Text-to-region grounding data:
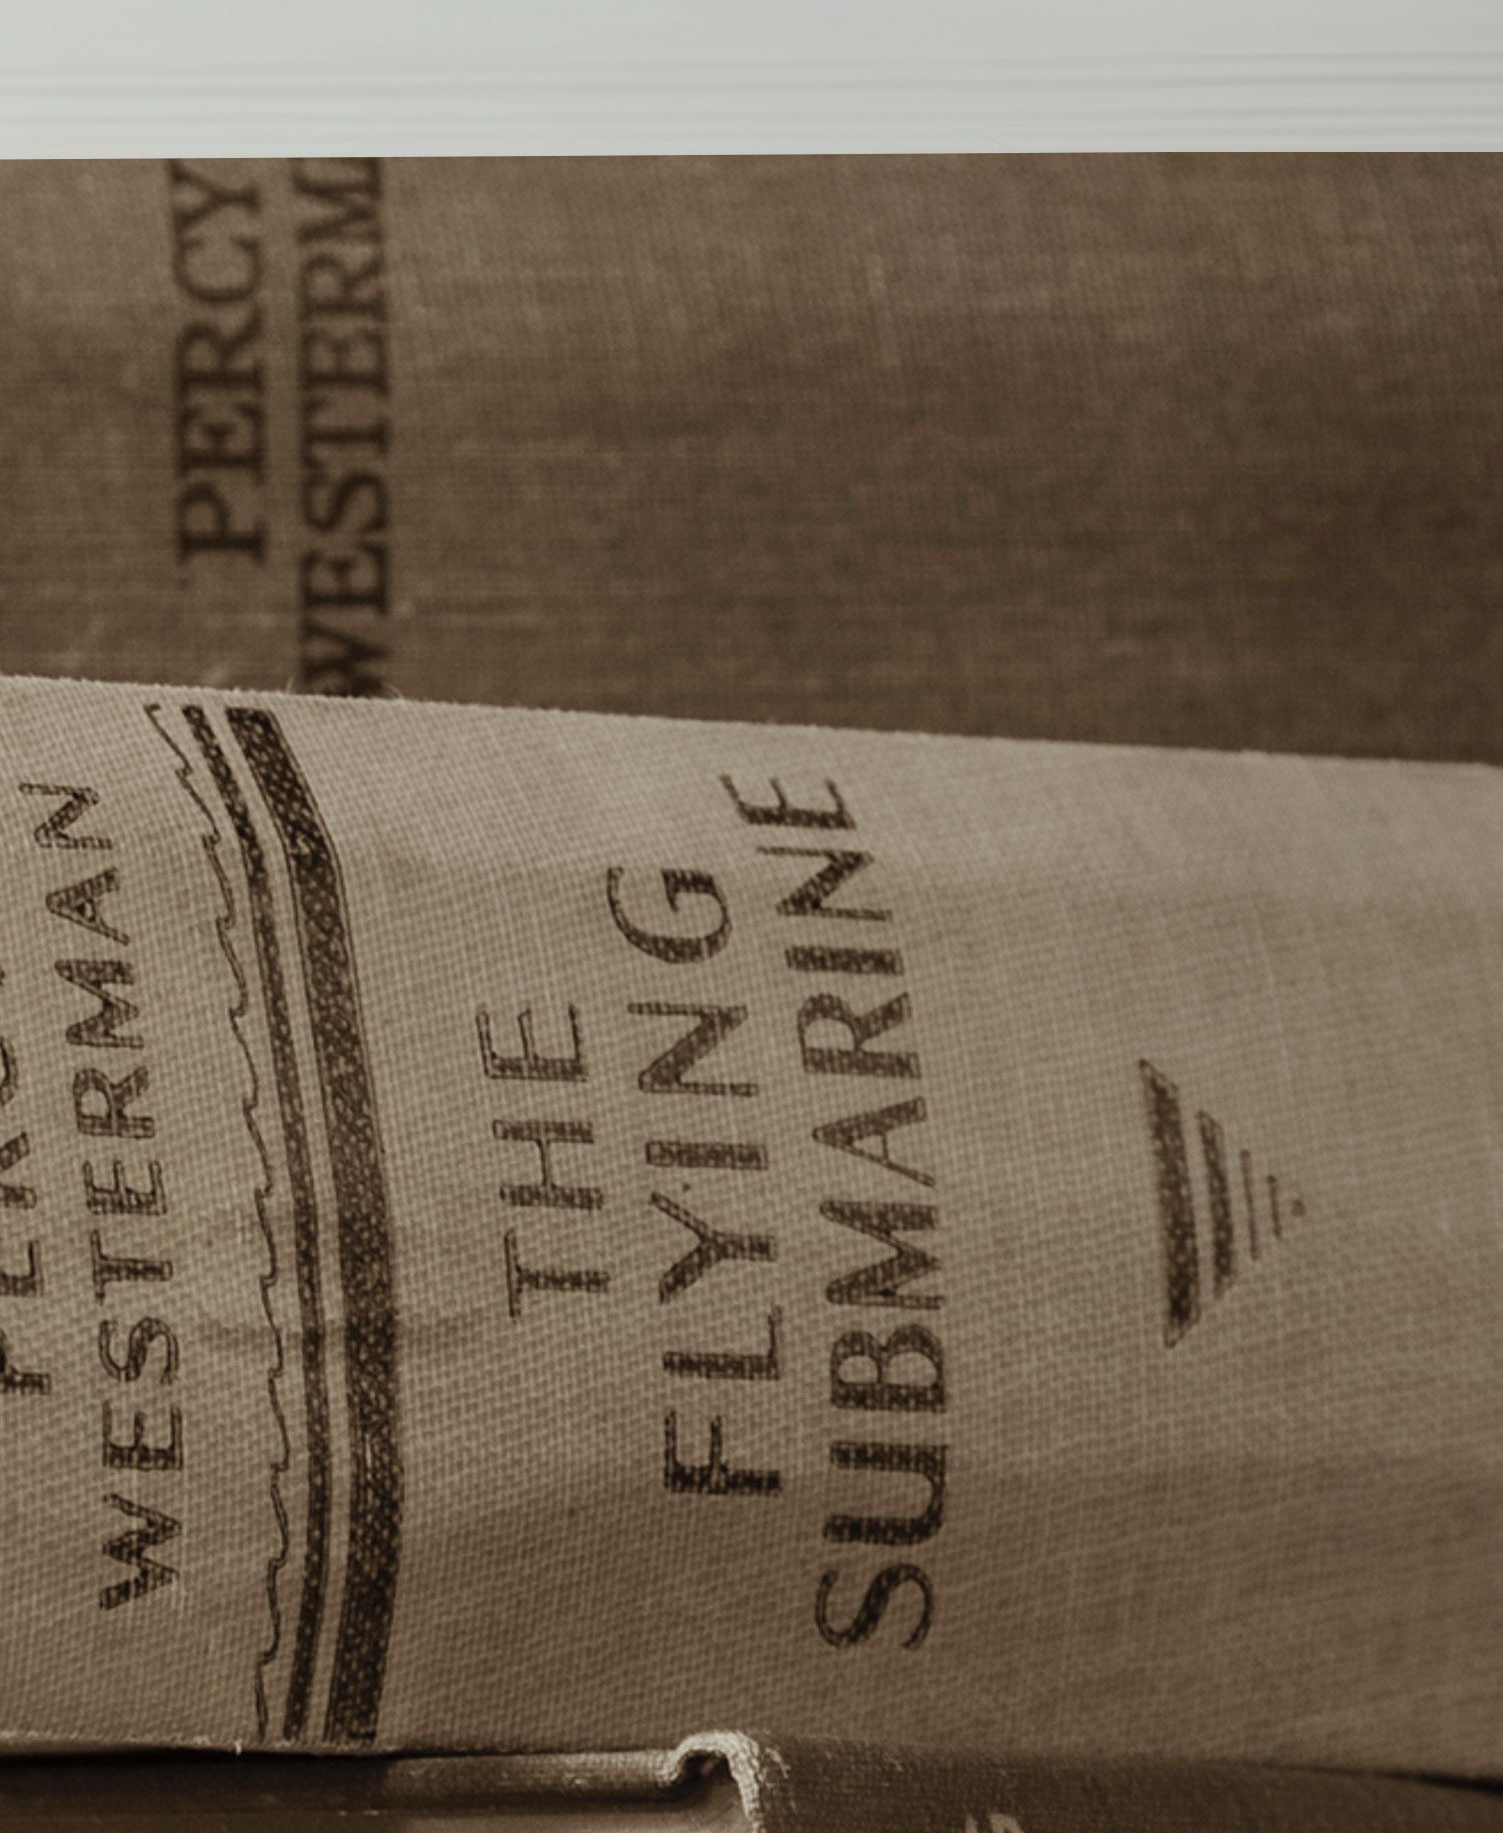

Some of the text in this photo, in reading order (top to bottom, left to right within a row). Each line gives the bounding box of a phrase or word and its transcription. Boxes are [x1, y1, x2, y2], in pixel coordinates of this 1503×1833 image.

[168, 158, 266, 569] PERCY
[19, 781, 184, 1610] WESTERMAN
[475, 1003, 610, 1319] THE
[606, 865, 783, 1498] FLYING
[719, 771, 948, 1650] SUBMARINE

» WORK ORDER
Every line of the data should be copied as it stands, without the images.

» ANSWER BELOW
Some of the text in this photo, in reading order (top to bottom, left to right within a row). Each line gives the bounding box of a phrase or word and its transcription. Boxes are [x1, y1, x2, y2], in pixel coordinates of this 1503×1833 image.

[168, 158, 266, 569] PERCY
[19, 781, 184, 1610] WESTERMAN
[475, 1003, 610, 1319] THE
[606, 865, 783, 1498] FLYING
[719, 771, 948, 1650] SUBMARINE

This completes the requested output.